Hello, I have used VarScan.v2.3.2 to identify RNA-editing sites in my data. I first ran VarScan mpileup2snp using min. average quality set to 25, minimum coverage 8, minimum variant reads 2, min. var. freq. 0.1, strand filter 1 and pValue 0.01. After this I ran VarScan filter with min coverage 10, minimum variant reads 3, min. strands 1 and min. average quality 25. I pretty much ran VarScan filter in order to account for "strandness" issues, since I could have used stringent parameters in mpileup2snp.
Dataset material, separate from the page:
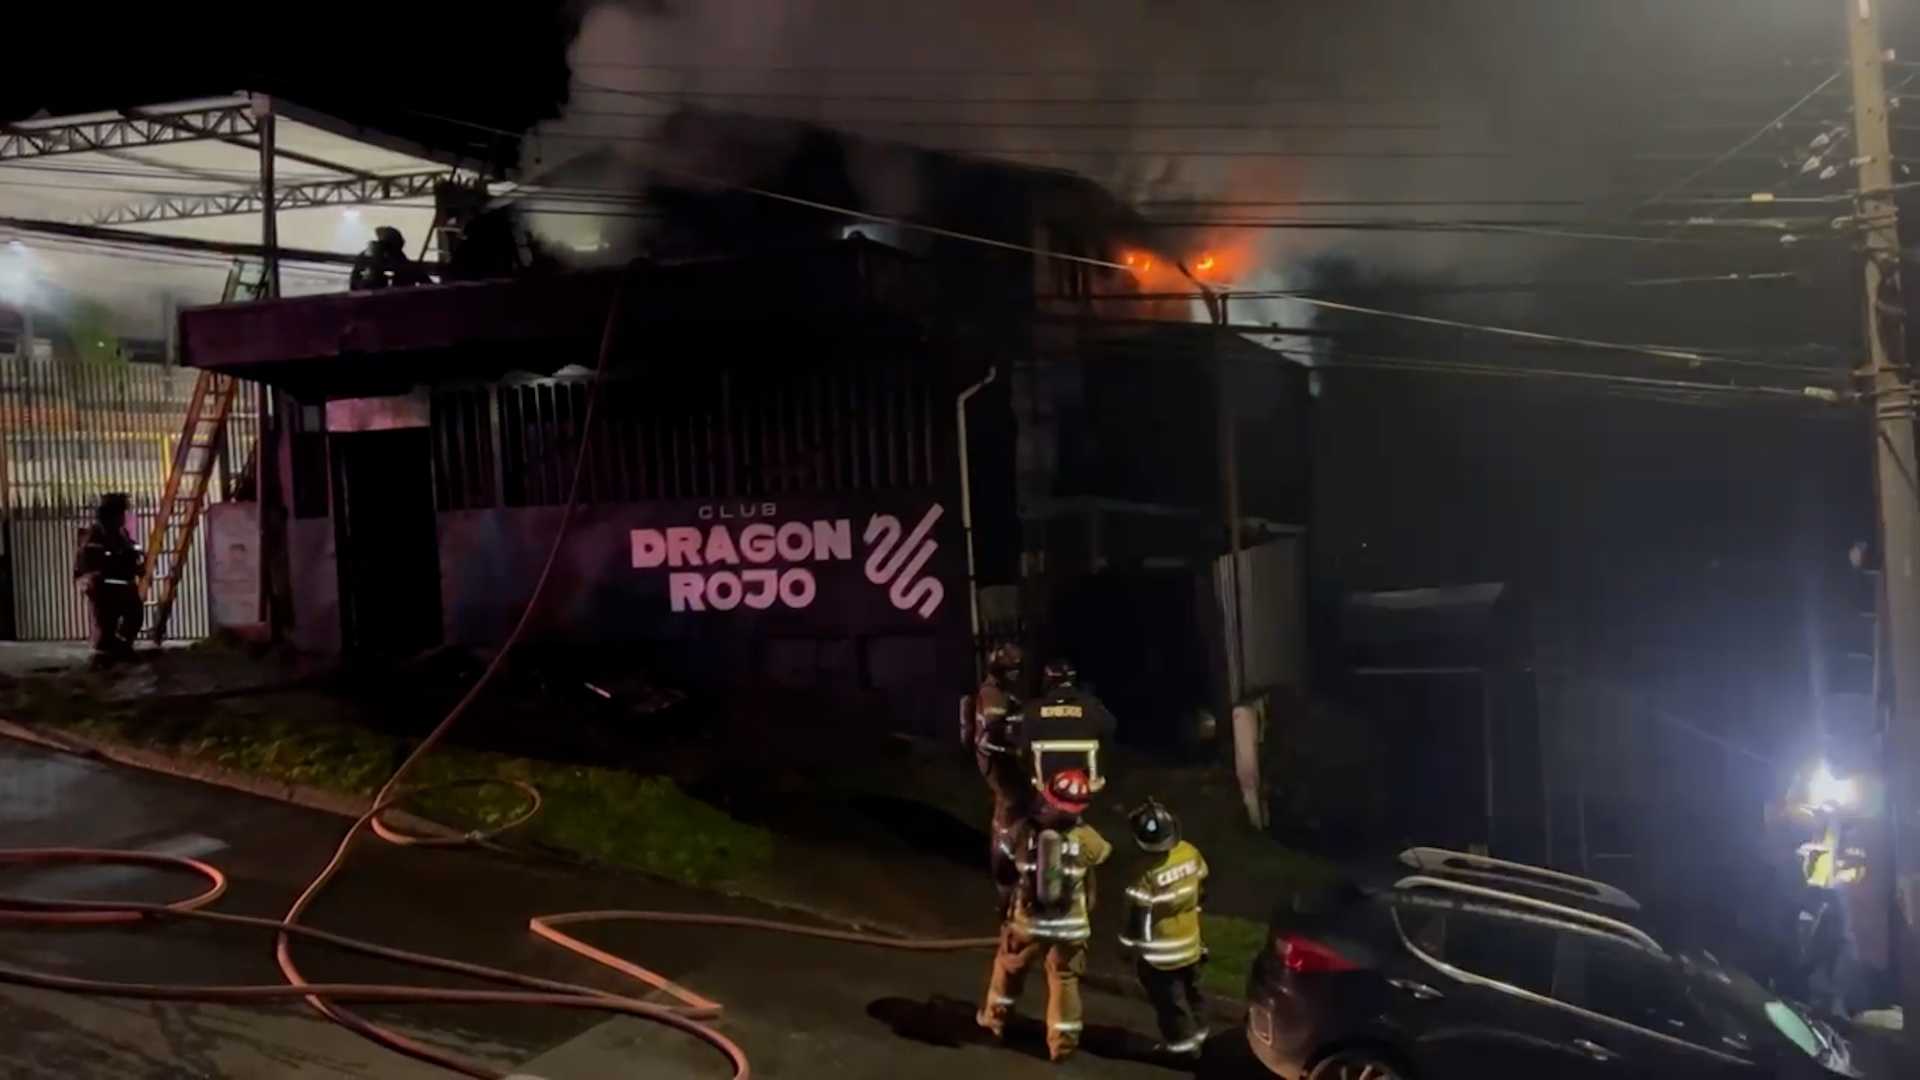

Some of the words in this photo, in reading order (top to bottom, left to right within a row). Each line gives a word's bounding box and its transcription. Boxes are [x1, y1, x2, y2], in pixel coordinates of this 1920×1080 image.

[698, 502, 777, 519] CLUB
[630, 518, 852, 568] DRAGON
[669, 567, 816, 613] ROJO
I have compiled those A-to-G (second strand transcripts) and T-to-C (first strand variants) and am inspecting them individually in IGV. I am puzzled by the fact that not all of the A-to-G editing sites were called in second strand transcripts, nor are all of the T-to-C variants in first strand transcripts. Can somebody comment on what might be the source of this discrepancy? Will this be taken care if I set the min.strands filter to 2? I definitely don't have strand-specific reads (these are on their way) and have aligned my reads with BWA. I have these reads aligned with TopHat2, using a reference genes.gtf file, and am now preparing the inputs for VarScan. Will this solve the problem?
Thanks, G
I'm a little confused about what you are doing. So, to start with a simple question, are you aligning to the genome or to a fasta file of transcripts?
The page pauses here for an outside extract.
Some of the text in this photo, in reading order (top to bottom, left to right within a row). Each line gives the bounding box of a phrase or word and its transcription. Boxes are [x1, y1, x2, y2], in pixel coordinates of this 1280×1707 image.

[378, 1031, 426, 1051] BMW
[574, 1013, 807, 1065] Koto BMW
I aligning to the hg19.fa genome. using BWA. I had previously performed an alignment to hg19.fa with TopHat2, using a transcripts reference file, to aid in proper downstream transcript reconstruction by Cufflinks. In the current absence of a strand-specific data set, I am trying to find out if these "strand" discrepancies might be alleviated by using the TopHat2 alignments to call variants with the Samtools-VarScan scheme.